● WHAT THE EXERCISE ASKS: Leaving out all pictures, return the records word for word.

--- SOURCE DATA ---

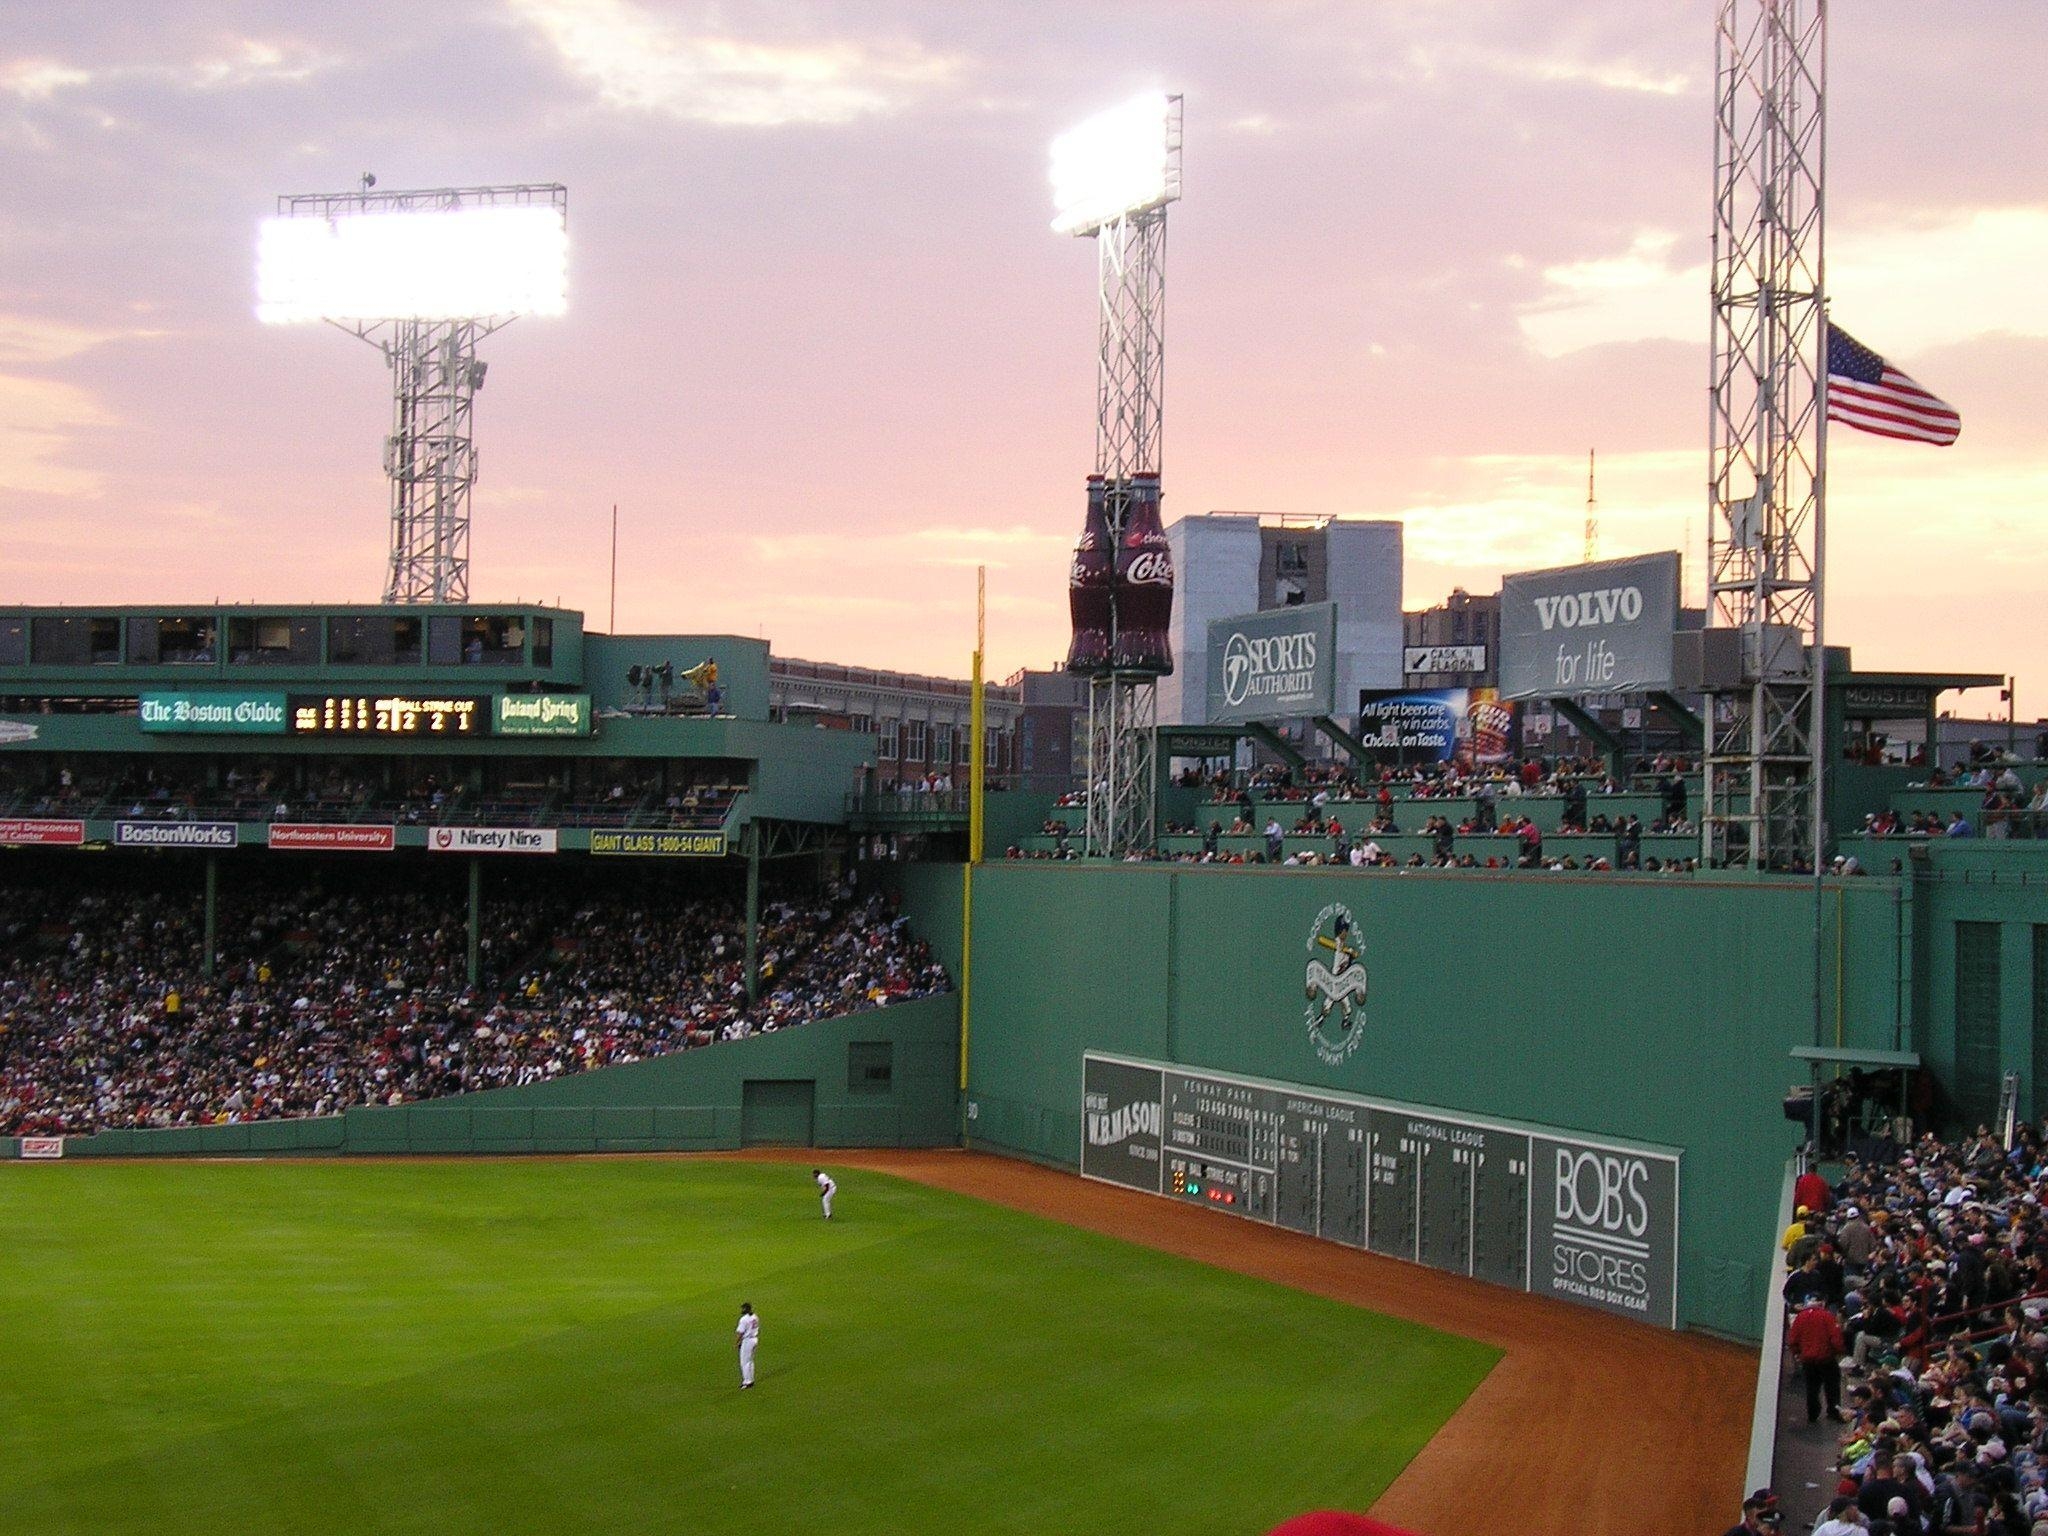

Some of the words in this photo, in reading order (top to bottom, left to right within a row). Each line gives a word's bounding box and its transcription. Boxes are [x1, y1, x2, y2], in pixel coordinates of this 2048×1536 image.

[1127, 552, 1173, 585] Coke
[1534, 586, 1643, 631] VOLVO
[1249, 631, 1318, 675] SPORTS
[1556, 643, 1581, 684] for
[1585, 639, 1616, 682] life
[1247, 671, 1315, 696] AUTHORITY
[142, 700, 171, 722] The
[174, 700, 232, 722] Boston
[234, 701, 282, 723] Globe
[376, 712, 388, 729] 2
[402, 712, 415, 729] 2
[431, 712, 443, 729] 2
[458, 713, 468, 729] 1
[502, 697, 541, 721] Poland
[541, 697, 579, 724] Spring
[1362, 703, 1377, 717] All
[1376, 701, 1400, 720] light
[1400, 701, 1428, 716] beers
[1428, 705, 1446, 716] are
[1411, 717, 1421, 729] in
[1402, 736, 1417, 748] on
[121, 824, 232, 844] BostonWorks
[272, 829, 334, 842] Northeastern
[337, 829, 387, 844] University
[461, 829, 506, 848] Ninety
[509, 830, 542, 846] Nine
[595, 834, 621, 850] GIANT
[623, 835, 655, 851] GLASS
[694, 836, 722, 852] GIANT
[1184, 1080, 1221, 1098] FENWAY
[1287, 1100, 1324, 1116] AMERICAN
[1326, 1106, 1355, 1123] LEAGUE
[1407, 1121, 1448, 1141] NATIONAL
[1451, 1130, 1485, 1148] LEAGUE
[1556, 1148, 1648, 1236] BOB'S
[1553, 1244, 1647, 1294] STORES
[1553, 1277, 1589, 1297] OFFICIAL
[1589, 1286, 1606, 1300] RED
[1606, 1291, 1623, 1305] SOX
[1624, 1295, 1648, 1311] GEAR
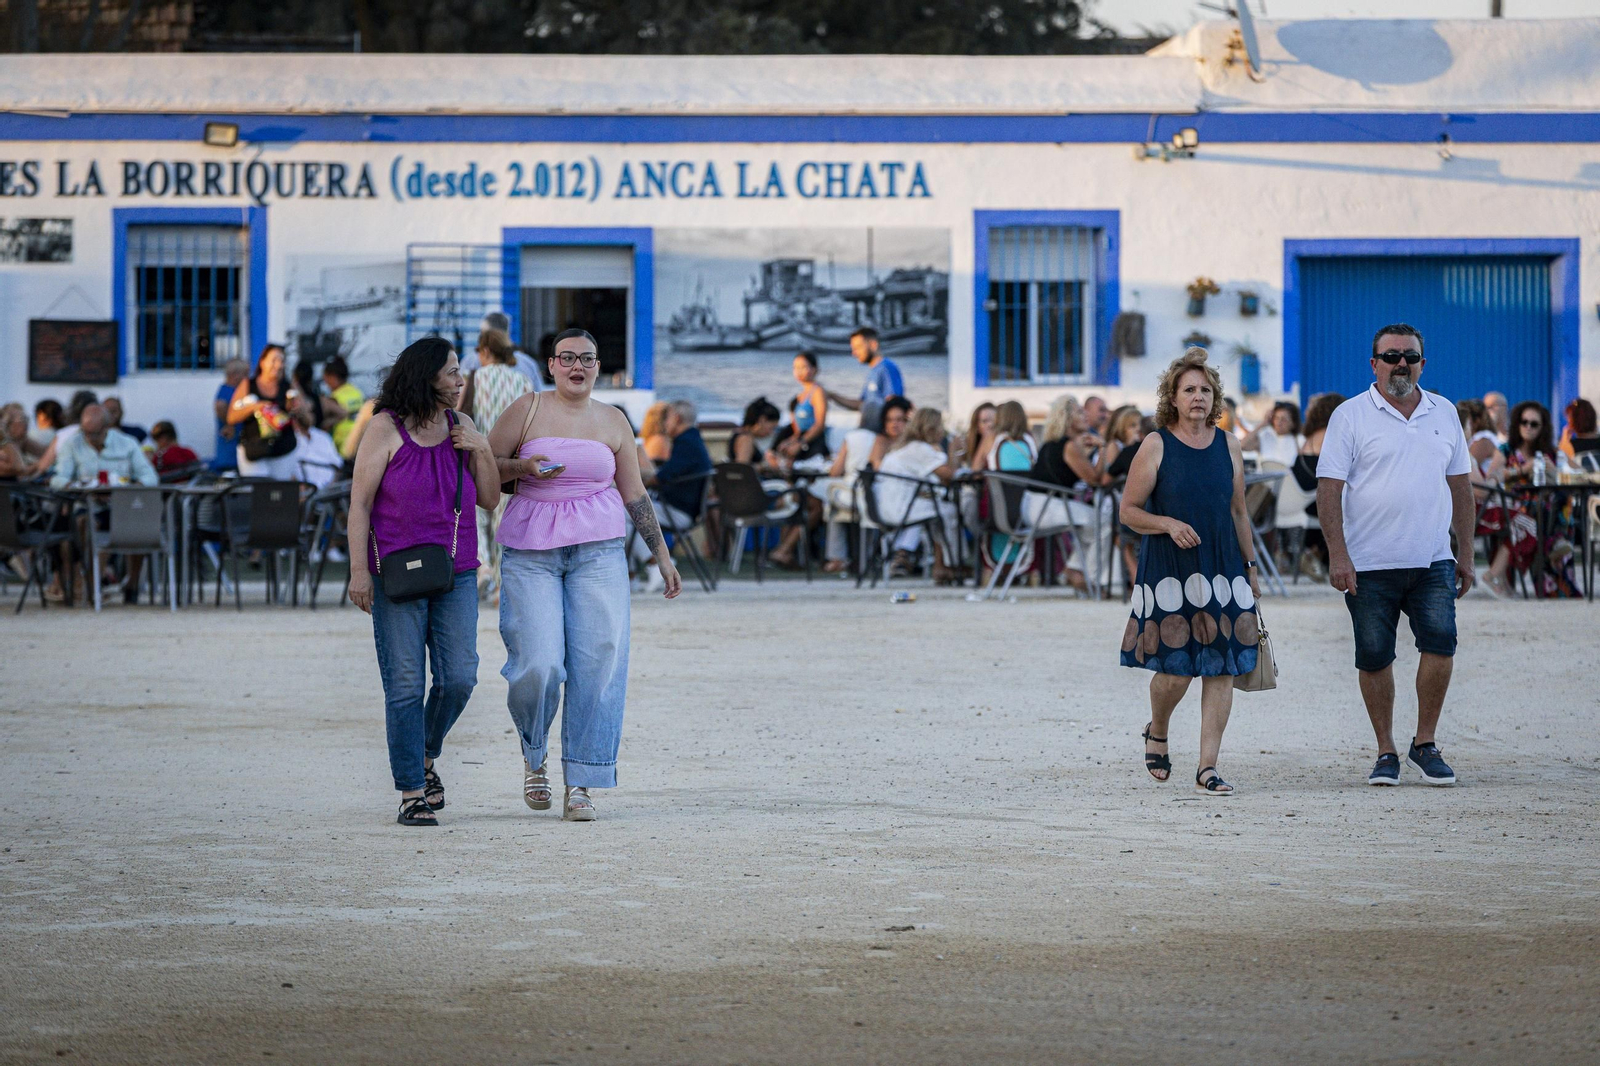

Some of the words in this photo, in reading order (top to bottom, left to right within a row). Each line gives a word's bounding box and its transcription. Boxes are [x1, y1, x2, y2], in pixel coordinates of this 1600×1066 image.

---

● WRITTEN RESPONSE:
Some of the words in this photo, in reading order (top to bottom, left to right within a row). Each line gives a word's bounding box and its transcription. Boxes are [x1, y1, x2, y2], in pixel coordinates of this 2048×1536 image.

[1127, 552, 1173, 585] Coke
[1534, 586, 1643, 631] VOLVO
[1249, 631, 1318, 675] SPORTS
[1556, 643, 1581, 684] for
[1585, 639, 1616, 682] life
[1247, 671, 1315, 696] AUTHORITY
[142, 700, 171, 722] The
[174, 700, 232, 722] Boston
[234, 701, 282, 723] Globe
[376, 712, 388, 729] 2
[402, 712, 415, 729] 2
[431, 712, 443, 729] 2
[458, 713, 468, 729] 1
[502, 697, 541, 721] Poland
[541, 697, 579, 724] Spring
[1362, 703, 1377, 717] All
[1376, 701, 1400, 720] light
[1400, 701, 1428, 716] beers
[1428, 705, 1446, 716] are
[1411, 717, 1421, 729] in
[1402, 736, 1417, 748] on
[121, 824, 232, 844] BostonWorks
[272, 829, 334, 842] Northeastern
[337, 829, 387, 844] University
[461, 829, 506, 848] Ninety
[509, 830, 542, 846] Nine
[595, 834, 621, 850] GIANT
[623, 835, 655, 851] GLASS
[694, 836, 722, 852] GIANT
[1184, 1080, 1221, 1098] FENWAY
[1287, 1100, 1324, 1116] AMERICAN
[1326, 1106, 1355, 1123] LEAGUE
[1407, 1121, 1448, 1141] NATIONAL
[1451, 1130, 1485, 1148] LEAGUE
[1556, 1148, 1648, 1236] BOB'S
[1553, 1244, 1647, 1294] STORES
[1553, 1277, 1589, 1297] OFFICIAL
[1589, 1286, 1606, 1300] RED
[1606, 1291, 1623, 1305] SOX
[1624, 1295, 1648, 1311] GEAR

Some of the words in this photo, in reading order (top to bottom, left to right within a row). Each line gives a word's bounding box and its transcription. Boxes are [x1, y1, x2, y2], in pixel coordinates of this 1600×1066 image.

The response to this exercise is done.